Katrin Grunert for Vandebron

Posted on Oct 7, 2020 • Edited on Jul 5, 2021 • Originally published at vandebron.tech

Building native images and compiling with GraalVM and sbt

#graalvm #scala #sbt

At Vandebron we organize a two-day long Hackathon every quarter, and a colleague and I took this chance to dig into the wonderful world of GraalVM.

I've first heard of GraalVM around two years ago when Oleg Šelajev toured through Java User Groups in Germany and held talks about GraalVM. Here is one from 2019 (not Germany, but Spain this time).

GraalVM promises a significant speedup in compile times and as I am working with Scala, which is notoriously known for its long compile times, this seems interesting. Furthermore, GraalVM provides functionality to build native executables. Meaning, an application can be run without a Java Virtual Machine (JVM).

Thanks to the Hackathon I finally took the time to get to know GraalVM a bit better.
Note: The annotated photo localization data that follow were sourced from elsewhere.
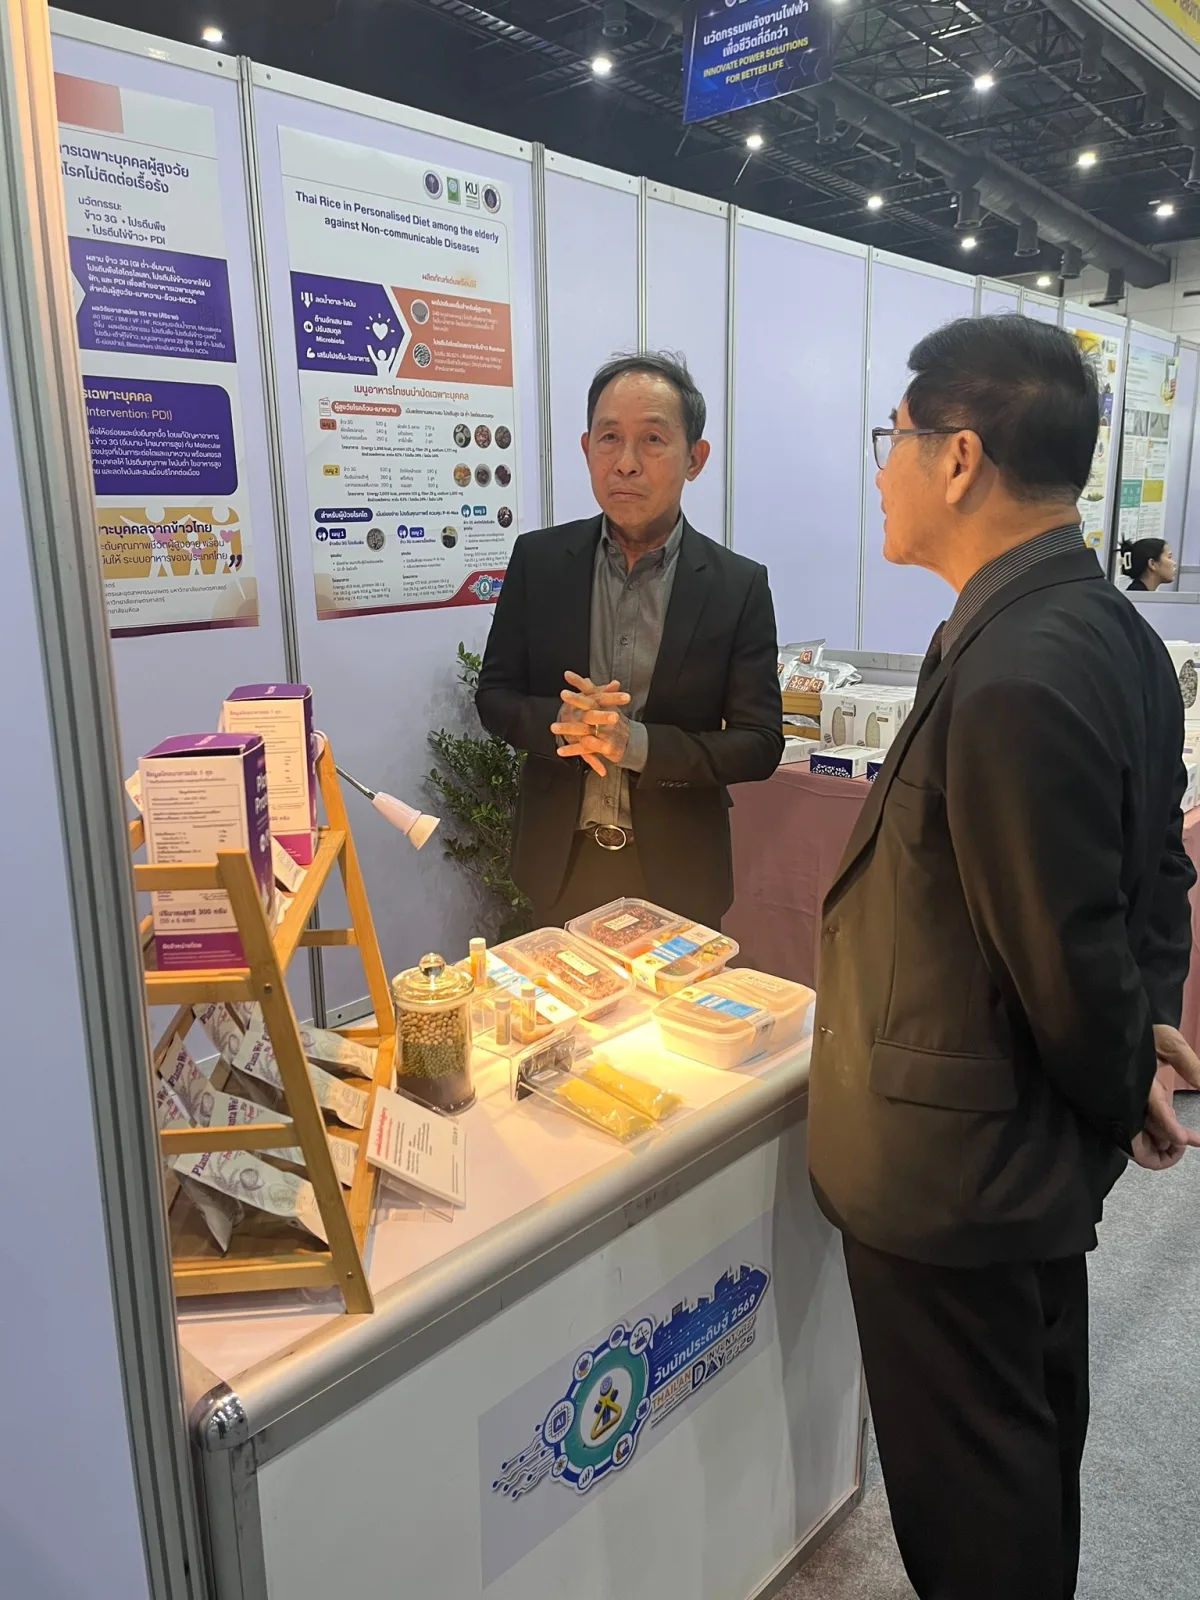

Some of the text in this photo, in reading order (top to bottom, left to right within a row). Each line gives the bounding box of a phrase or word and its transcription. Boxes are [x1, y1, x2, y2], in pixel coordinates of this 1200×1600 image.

[703, 1, 809, 45] นวัตกรรมพลังงานไฟฟ้า
[722, 25, 788, 57] เพื่อชีวิตที่ดีกว่า
[703, 37, 808, 77] INNOVATE POWER SOLUTIONS
[725, 59, 784, 84] FOR BETTER LIFE
[59, 143, 189, 177] ารเฉพาะบุคคลผู้สูงวัย
[61, 160, 169, 193] โรคไม่ติดต่อเรื้อรัง
[465, 180, 478, 195] KU
[78, 196, 122, 211] นวัตกรรม:
[84, 209, 102, 221] ข้าว
[104, 214, 117, 224] 3G
[127, 216, 166, 232] โปรตีนพืช
[296, 190, 499, 244] Thai Rice in Personalised Diet among the elderly
[150, 235, 166, 244] PDI
[324, 215, 480, 254] against Non-communicable Diseases
[152, 409, 173, 421] PDI)
[99, 520, 213, 538] าะบุคคลจากข้าวไทย
[731, 1294, 756, 1322] 2569
[555, 1415, 566, 1427] AI
With this blog post, I want to share our findings, experiences, and results, as they might be helpful for you too!

What is GraalVM?

GraalVM is a high-performance JVM that supports efficient ahead-of-time (AOT) and just-in-time (JIT) compilation, but also allows non-JVM languages (e.g. Ruby, Python, C++) to run on the JVM. The ahead-of-time compilation feature is the base for creating native executable programs, meaning an application can be run independently from the JVM. Seeing the versatile features of GraalVM, it is worth looking a bit under its hood.
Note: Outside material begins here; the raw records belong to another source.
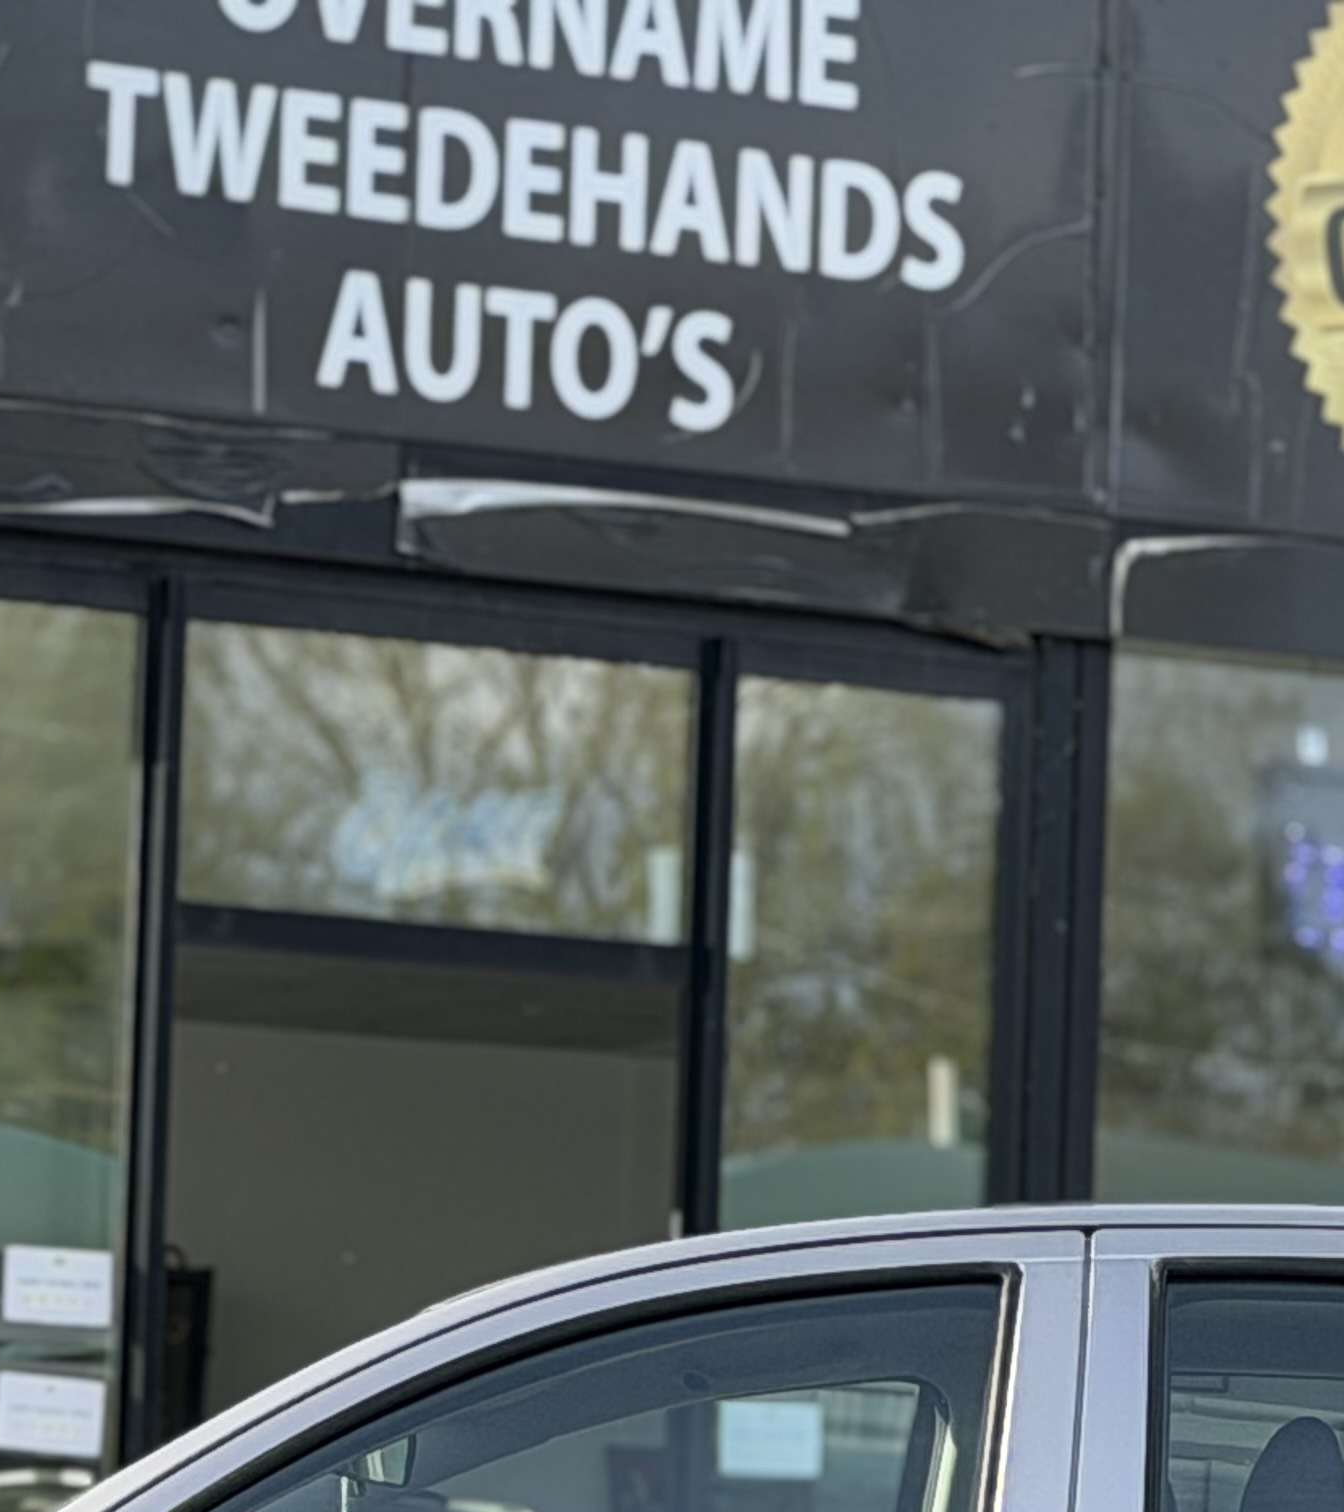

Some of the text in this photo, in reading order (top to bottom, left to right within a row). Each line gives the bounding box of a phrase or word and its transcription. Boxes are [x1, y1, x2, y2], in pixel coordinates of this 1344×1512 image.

[216, 0, 861, 111] RNAME
[86, 60, 965, 291] TWEEDEHANDS
[316, 269, 734, 433] AUTO'S
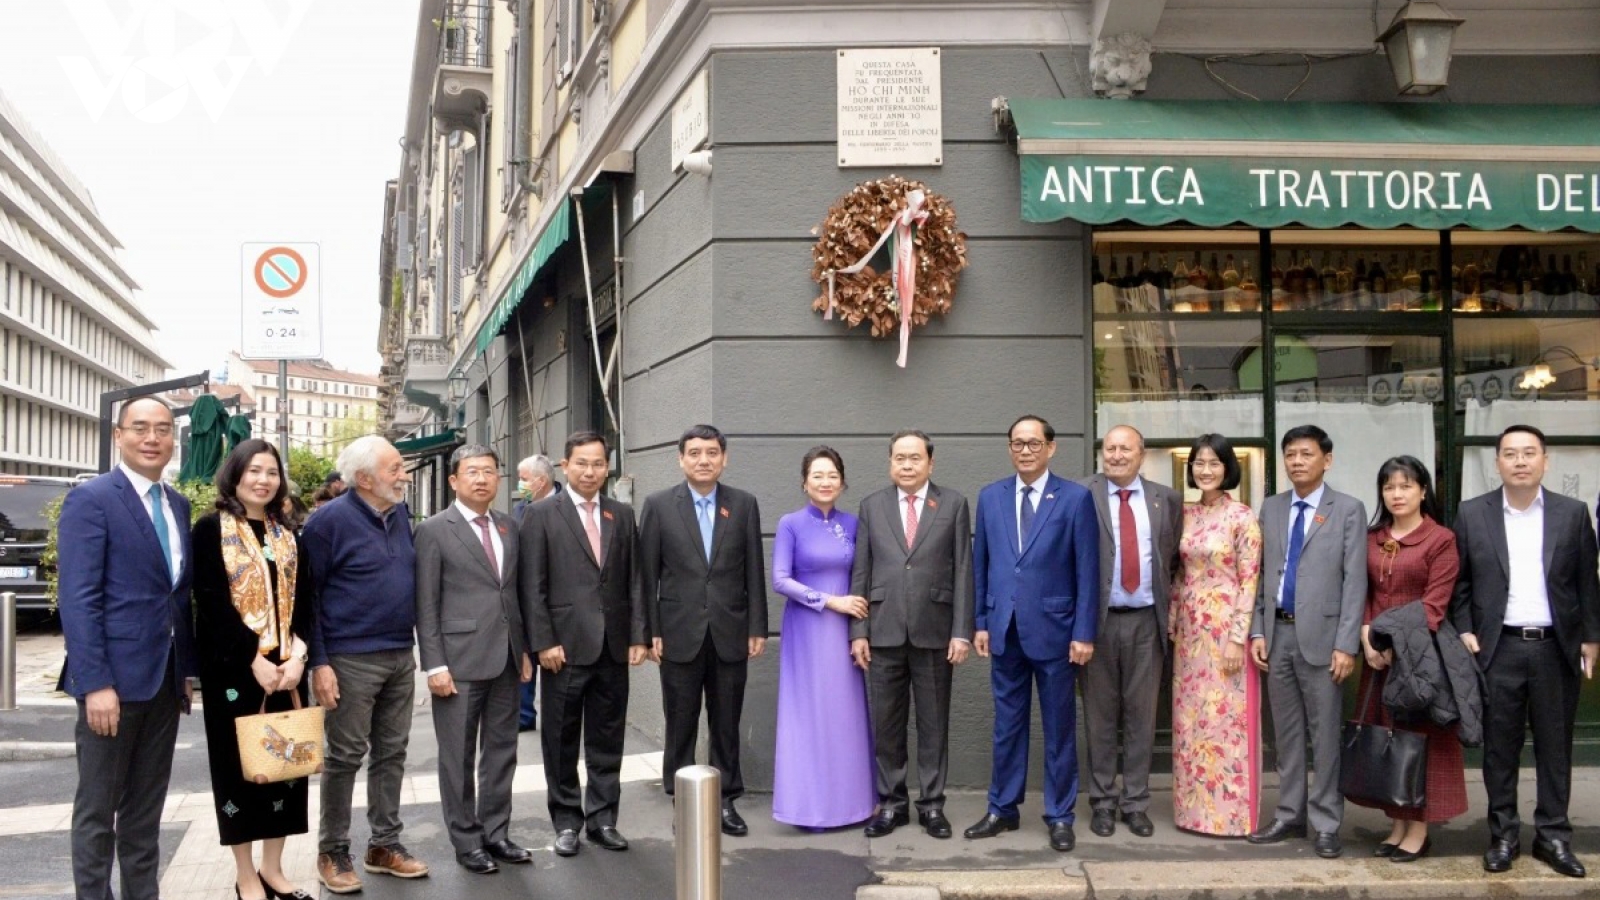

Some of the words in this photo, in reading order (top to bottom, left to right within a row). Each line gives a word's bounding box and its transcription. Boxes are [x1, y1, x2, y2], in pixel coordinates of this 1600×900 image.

[862, 61, 891, 69] QUESTA
[869, 69, 923, 77] FREQUENTATA
[848, 85, 867, 96] HO
[872, 85, 893, 95] CHI
[898, 85, 930, 95] MINH
[852, 96, 889, 104] DURANTE
[1040, 165, 1205, 206] ANTICA
[1249, 168, 1493, 212] TRATTORIA
Actually, GraalVM is defined by three main technologies:

Graal compiler, a high-performance JIT-compiler that can make JVM applications run faster from within the JVM
SubstrateVM, includes the necessary components to run a JVM-app as a native executable ( Garbage Collector, Thread Scheduler, etc.)
Truffle Language Implementation Framework, the basis for the polyglot support from GraalVM

Our motivation for trying out GraalVM was tackling the pain points of Scala, Java projects, and microservices. Shipping microservices written in Scala as Docker containers to your production system comes with the cost that startup can be a bit slow, having JVM and Docker overhead, and that those containers can be fairly large, as the application can only be run with a JVM. See Building Docker images for more information.
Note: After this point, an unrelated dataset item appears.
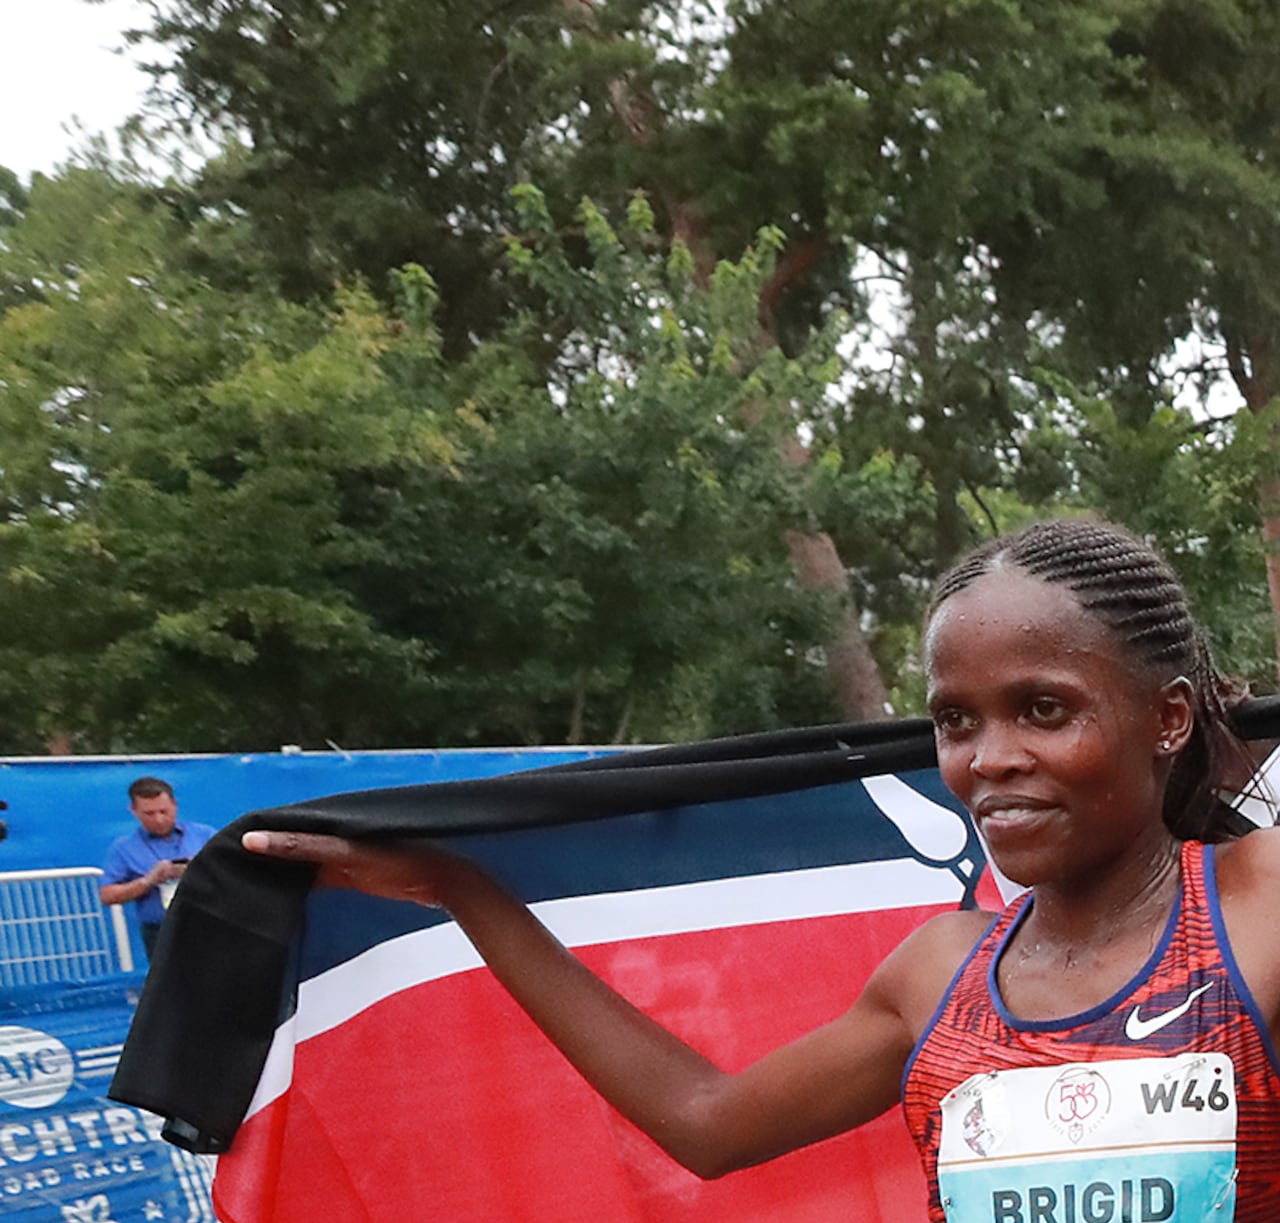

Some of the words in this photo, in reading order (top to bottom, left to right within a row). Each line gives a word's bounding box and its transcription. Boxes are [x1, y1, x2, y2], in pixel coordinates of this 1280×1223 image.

[1140, 1079, 1230, 1114] W46
[0, 1168, 61, 1198] OAD
[72, 1155, 145, 1180] RACE
During the hackathon, we were most interested in building native images for Scala applications. Hoping to reduce the size of our docker containers and reducing up the startup time.

Project setup

The project we worked on during the Hackathon is an API that should be used for applicants to submit their applications at Vandebron in the future. By exposing one endpoint through which a resume and contact information can be submitted.

It is also a good project to test out GraalVM, nothing too complex but also not as simple as "Hello World".

The full setup can be found on Github. But I'll summarise the used stack below. The project is built around the following libraries, no particular reason, simply because I like them.

cats for working with effects, such as IO
http4s for running the server
tapir for defining the endpoints
circe for JSON de/serialisation
pureconfig for reading config-files
logback for logging

The project can be run via sbt run and with Postman or similar a POST-request can be sent like so:

POST localhost:8080/api/v1/apply

{
    "email": "my@email.de",
    "name": "My Name",
    "phoneNumber": "+310123456789",
    "applicationBase64": "VGhpcyBjb3VsZCBiZSB5b3VyIGFwcGxpY2F0aW9uIQ=="
}

Response:
"*confetti* Thanks for handing in your application, we will get back to you within the next days! *confetti*"

Setup GraalVM with sbt

With this initial project setup in mind, GraalVM needs to be installed locally.

For the installation of GraalVM the setup guide can be followed.

After the installation sbt needs to know that not the regular JDK/JVM is used. This can be done with the java-home option on sbt bootup.
To make the path to GraalVM a bit more accessible and easy to use it can be exported as an environment variable.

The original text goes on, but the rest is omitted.